Each line of the data should be repeated precisely.

Text-to-region grounding data
——

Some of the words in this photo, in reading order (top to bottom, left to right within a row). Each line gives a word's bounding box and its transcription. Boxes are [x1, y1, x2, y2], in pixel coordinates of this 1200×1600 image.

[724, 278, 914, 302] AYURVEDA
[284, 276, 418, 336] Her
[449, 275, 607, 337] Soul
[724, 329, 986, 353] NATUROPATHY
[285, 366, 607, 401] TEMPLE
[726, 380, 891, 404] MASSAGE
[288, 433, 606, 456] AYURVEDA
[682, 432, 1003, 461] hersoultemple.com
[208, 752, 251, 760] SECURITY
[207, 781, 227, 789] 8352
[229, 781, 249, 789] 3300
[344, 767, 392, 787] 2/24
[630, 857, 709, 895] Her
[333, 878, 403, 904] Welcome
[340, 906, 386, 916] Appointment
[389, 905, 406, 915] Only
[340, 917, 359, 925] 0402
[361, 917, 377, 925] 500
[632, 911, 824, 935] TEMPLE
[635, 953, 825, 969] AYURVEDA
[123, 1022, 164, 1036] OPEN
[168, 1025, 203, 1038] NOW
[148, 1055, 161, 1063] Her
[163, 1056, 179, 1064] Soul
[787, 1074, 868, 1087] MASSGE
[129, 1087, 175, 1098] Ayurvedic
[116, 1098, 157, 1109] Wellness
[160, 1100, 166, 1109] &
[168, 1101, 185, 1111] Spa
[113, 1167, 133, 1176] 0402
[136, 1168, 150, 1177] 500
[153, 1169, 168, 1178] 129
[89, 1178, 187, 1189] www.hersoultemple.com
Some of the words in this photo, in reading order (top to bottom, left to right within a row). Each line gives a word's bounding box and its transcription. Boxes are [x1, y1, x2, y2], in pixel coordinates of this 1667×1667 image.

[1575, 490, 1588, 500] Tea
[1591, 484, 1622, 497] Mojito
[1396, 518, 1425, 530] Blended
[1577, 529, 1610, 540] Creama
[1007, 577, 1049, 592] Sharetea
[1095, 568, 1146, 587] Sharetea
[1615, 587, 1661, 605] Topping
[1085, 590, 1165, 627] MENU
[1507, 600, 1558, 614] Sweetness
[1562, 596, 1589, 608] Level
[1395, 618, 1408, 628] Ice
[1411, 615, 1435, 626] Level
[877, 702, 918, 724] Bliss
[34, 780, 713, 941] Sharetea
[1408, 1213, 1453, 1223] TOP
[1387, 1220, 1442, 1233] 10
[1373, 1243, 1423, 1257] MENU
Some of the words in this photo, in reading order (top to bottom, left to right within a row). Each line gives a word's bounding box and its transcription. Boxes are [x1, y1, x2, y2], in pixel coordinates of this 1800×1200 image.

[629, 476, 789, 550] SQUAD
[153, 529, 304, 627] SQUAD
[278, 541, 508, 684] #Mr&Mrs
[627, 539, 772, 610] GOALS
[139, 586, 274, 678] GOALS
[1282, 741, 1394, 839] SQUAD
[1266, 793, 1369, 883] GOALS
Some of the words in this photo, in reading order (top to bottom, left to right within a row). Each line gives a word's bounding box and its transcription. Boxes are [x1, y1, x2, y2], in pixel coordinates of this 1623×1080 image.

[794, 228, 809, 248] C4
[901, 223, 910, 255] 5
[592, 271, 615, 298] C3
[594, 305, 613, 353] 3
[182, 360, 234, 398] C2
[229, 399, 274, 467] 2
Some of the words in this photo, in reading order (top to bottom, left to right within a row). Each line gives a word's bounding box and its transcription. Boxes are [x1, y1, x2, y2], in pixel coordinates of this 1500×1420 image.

——

## REPLY TO THE TASK
Some of the words in this photo, in reading order (top to bottom, left to right within a row). Each line gives a word's bounding box and its transcription. Boxes are [x1, y1, x2, y2], in pixel coordinates of this 1200×1600 image.

[724, 278, 914, 302] AYURVEDA
[284, 276, 418, 336] Her
[449, 275, 607, 337] Soul
[724, 329, 986, 353] NATUROPATHY
[285, 366, 607, 401] TEMPLE
[726, 380, 891, 404] MASSAGE
[288, 433, 606, 456] AYURVEDA
[682, 432, 1003, 461] hersoultemple.com
[208, 752, 251, 760] SECURITY
[207, 781, 227, 789] 8352
[229, 781, 249, 789] 3300
[344, 767, 392, 787] 2/24
[630, 857, 709, 895] Her
[333, 878, 403, 904] Welcome
[340, 906, 386, 916] Appointment
[389, 905, 406, 915] Only
[340, 917, 359, 925] 0402
[361, 917, 377, 925] 500
[632, 911, 824, 935] TEMPLE
[635, 953, 825, 969] AYURVEDA
[123, 1022, 164, 1036] OPEN
[168, 1025, 203, 1038] NOW
[148, 1055, 161, 1063] Her
[163, 1056, 179, 1064] Soul
[787, 1074, 868, 1087] MASSGE
[129, 1087, 175, 1098] Ayurvedic
[116, 1098, 157, 1109] Wellness
[160, 1100, 166, 1109] &
[168, 1101, 185, 1111] Spa
[113, 1167, 133, 1176] 0402
[136, 1168, 150, 1177] 500
[153, 1169, 168, 1178] 129
[89, 1178, 187, 1189] www.hersoultemple.com
Some of the words in this photo, in reading order (top to bottom, left to right within a row). Each line gives a word's bounding box and its transcription. Boxes are [x1, y1, x2, y2], in pixel coordinates of this 1667×1667 image.

[1575, 490, 1588, 500] Tea
[1591, 484, 1622, 497] Mojito
[1396, 518, 1425, 530] Blended
[1577, 529, 1610, 540] Creama
[1007, 577, 1049, 592] Sharetea
[1095, 568, 1146, 587] Sharetea
[1615, 587, 1661, 605] Topping
[1085, 590, 1165, 627] MENU
[1507, 600, 1558, 614] Sweetness
[1562, 596, 1589, 608] Level
[1395, 618, 1408, 628] Ice
[1411, 615, 1435, 626] Level
[877, 702, 918, 724] Bliss
[34, 780, 713, 941] Sharetea
[1408, 1213, 1453, 1223] TOP
[1387, 1220, 1442, 1233] 10
[1373, 1243, 1423, 1257] MENU
Some of the words in this photo, in reading order (top to bottom, left to right within a row). Each line gives a word's bounding box and its transcription. Boxes are [x1, y1, x2, y2], in pixel coordinates of this 1800×1200 image.

[629, 476, 789, 550] SQUAD
[153, 529, 304, 627] SQUAD
[278, 541, 508, 684] #Mr&Mrs
[627, 539, 772, 610] GOALS
[139, 586, 274, 678] GOALS
[1282, 741, 1394, 839] SQUAD
[1266, 793, 1369, 883] GOALS
Some of the words in this photo, in reading order (top to bottom, left to right within a row). Each line gives a word's bounding box and its transcription. Boxes are [x1, y1, x2, y2], in pixel coordinates of this 1623×1080 image.

[794, 228, 809, 248] C4
[901, 223, 910, 255] 5
[592, 271, 615, 298] C3
[594, 305, 613, 353] 3
[182, 360, 234, 398] C2
[229, 399, 274, 467] 2
Some of the words in this photo, in reading order (top to bottom, left to right within a row). Each line gives a word's bounding box and its transcription. Boxes are [x1, y1, x2, y2], in pixel coordinates of this 1500×1420 image.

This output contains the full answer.